### WORK ITEM
From the line containing "this 1661×2212 image." to the last line below, retype everything word for word.

= = = = = = =

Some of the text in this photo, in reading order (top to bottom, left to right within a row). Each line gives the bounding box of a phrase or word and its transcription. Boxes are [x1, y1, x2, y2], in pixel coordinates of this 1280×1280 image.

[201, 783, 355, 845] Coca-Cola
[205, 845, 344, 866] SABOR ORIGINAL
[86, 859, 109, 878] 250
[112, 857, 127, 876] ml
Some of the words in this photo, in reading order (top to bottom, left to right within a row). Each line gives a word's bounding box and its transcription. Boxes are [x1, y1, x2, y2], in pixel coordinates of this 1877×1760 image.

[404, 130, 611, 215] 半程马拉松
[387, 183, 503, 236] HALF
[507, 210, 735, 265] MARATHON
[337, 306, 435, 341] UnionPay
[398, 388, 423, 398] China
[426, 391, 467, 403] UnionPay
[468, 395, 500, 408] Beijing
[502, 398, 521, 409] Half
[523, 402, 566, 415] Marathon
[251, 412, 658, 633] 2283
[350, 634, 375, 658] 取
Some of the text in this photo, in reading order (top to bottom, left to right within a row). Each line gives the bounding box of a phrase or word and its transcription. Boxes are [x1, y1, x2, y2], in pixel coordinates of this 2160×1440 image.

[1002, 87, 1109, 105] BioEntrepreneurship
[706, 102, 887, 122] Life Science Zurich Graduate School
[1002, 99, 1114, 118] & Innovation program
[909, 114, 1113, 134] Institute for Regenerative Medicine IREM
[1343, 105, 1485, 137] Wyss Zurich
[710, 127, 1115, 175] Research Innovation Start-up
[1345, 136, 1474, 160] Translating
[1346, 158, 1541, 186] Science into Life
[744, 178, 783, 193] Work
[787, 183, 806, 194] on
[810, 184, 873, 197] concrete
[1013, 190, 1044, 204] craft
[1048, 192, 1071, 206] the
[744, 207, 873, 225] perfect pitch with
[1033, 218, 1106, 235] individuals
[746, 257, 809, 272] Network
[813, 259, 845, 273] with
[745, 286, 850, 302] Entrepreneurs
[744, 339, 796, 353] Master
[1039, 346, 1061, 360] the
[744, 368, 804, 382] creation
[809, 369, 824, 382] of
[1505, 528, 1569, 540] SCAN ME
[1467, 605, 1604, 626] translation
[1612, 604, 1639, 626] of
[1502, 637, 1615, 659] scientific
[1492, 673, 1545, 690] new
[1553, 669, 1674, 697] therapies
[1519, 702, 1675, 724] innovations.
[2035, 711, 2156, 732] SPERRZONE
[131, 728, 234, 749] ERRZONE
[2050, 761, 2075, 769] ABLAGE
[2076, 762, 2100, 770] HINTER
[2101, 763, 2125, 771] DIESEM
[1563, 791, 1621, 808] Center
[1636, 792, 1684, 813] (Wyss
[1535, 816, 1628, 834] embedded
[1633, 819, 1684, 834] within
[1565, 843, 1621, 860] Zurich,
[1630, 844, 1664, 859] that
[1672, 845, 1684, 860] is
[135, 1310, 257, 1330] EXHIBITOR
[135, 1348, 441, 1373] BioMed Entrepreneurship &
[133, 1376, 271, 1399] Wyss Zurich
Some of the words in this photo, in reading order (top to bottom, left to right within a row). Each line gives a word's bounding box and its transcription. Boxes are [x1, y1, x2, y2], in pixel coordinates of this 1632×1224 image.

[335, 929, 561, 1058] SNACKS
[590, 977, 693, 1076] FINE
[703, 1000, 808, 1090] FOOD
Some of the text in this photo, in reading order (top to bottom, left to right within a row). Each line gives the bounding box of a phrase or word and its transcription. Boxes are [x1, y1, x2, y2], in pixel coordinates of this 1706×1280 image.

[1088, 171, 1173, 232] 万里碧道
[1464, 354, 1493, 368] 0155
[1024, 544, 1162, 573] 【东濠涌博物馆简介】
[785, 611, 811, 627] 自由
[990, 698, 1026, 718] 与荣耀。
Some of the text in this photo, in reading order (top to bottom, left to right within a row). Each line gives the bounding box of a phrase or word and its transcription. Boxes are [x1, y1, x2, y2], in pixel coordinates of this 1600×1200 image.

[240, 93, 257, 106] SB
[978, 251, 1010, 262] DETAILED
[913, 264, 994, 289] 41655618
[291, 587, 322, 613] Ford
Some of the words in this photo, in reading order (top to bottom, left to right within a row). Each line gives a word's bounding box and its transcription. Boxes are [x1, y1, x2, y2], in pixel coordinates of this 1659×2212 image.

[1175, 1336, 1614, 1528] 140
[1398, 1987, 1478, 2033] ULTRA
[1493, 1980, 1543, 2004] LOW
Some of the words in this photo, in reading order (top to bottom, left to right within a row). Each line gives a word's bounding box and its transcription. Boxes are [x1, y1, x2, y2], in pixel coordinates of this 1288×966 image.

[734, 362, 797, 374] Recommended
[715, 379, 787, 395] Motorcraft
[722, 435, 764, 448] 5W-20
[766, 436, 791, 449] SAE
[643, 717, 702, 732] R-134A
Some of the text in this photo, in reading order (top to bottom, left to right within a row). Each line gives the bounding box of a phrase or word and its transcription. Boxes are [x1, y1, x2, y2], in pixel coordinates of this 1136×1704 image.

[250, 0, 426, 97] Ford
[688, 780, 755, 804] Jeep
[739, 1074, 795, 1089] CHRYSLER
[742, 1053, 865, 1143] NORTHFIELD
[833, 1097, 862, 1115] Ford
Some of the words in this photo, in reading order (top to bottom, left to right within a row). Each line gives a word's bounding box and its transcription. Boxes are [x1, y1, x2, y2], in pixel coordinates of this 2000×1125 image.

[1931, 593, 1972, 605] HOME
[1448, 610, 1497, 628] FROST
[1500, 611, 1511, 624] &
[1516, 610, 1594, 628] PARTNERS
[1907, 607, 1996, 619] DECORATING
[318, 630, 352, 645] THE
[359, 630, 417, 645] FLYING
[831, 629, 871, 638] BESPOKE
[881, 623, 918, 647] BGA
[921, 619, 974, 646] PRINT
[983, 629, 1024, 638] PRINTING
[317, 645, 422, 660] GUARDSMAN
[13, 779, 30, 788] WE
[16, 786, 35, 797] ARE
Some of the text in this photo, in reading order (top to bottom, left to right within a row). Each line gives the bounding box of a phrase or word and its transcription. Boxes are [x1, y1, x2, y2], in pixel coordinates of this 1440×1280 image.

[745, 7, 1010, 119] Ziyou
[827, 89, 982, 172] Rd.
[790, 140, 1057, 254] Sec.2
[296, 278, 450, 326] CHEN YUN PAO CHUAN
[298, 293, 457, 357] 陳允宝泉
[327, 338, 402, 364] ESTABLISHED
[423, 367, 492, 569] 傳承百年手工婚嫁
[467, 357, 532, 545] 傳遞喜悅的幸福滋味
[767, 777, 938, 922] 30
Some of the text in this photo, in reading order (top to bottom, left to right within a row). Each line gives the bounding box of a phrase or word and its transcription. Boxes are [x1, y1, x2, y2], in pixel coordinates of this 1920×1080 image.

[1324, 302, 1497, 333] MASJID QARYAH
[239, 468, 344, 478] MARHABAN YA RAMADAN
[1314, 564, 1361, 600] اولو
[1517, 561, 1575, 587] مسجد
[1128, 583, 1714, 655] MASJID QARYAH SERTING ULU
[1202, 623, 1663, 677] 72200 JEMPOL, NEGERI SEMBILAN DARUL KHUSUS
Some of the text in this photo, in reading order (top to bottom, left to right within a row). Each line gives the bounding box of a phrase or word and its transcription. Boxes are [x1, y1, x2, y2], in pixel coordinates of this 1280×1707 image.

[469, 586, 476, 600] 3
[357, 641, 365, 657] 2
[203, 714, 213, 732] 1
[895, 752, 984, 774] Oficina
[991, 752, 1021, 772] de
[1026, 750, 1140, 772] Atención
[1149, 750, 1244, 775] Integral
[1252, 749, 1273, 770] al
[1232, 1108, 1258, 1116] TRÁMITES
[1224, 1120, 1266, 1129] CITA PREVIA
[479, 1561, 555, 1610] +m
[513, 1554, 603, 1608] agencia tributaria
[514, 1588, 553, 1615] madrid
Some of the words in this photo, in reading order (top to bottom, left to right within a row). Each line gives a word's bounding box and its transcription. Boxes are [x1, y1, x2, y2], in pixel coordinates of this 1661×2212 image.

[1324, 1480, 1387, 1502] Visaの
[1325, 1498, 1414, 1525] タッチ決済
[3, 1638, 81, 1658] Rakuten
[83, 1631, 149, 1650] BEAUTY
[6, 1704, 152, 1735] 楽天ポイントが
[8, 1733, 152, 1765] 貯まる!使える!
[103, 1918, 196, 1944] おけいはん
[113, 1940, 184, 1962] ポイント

= = = = = = =

### RESULT FOR THIS EXERCISE
Some of the words in this photo, in reading order (top to bottom, left to right within a row). Each line gives a word's bounding box and its transcription. Boxes are [x1, y1, x2, y2], in pixel coordinates of this 1661×2212 image.

[1324, 1480, 1387, 1502] Visaの
[1325, 1498, 1414, 1525] タッチ決済
[3, 1638, 81, 1658] Rakuten
[83, 1631, 149, 1650] BEAUTY
[6, 1704, 152, 1735] 楽天ポイントが
[8, 1733, 152, 1765] 貯まる!使える!
[103, 1918, 196, 1944] おけいはん
[113, 1940, 184, 1962] ポイント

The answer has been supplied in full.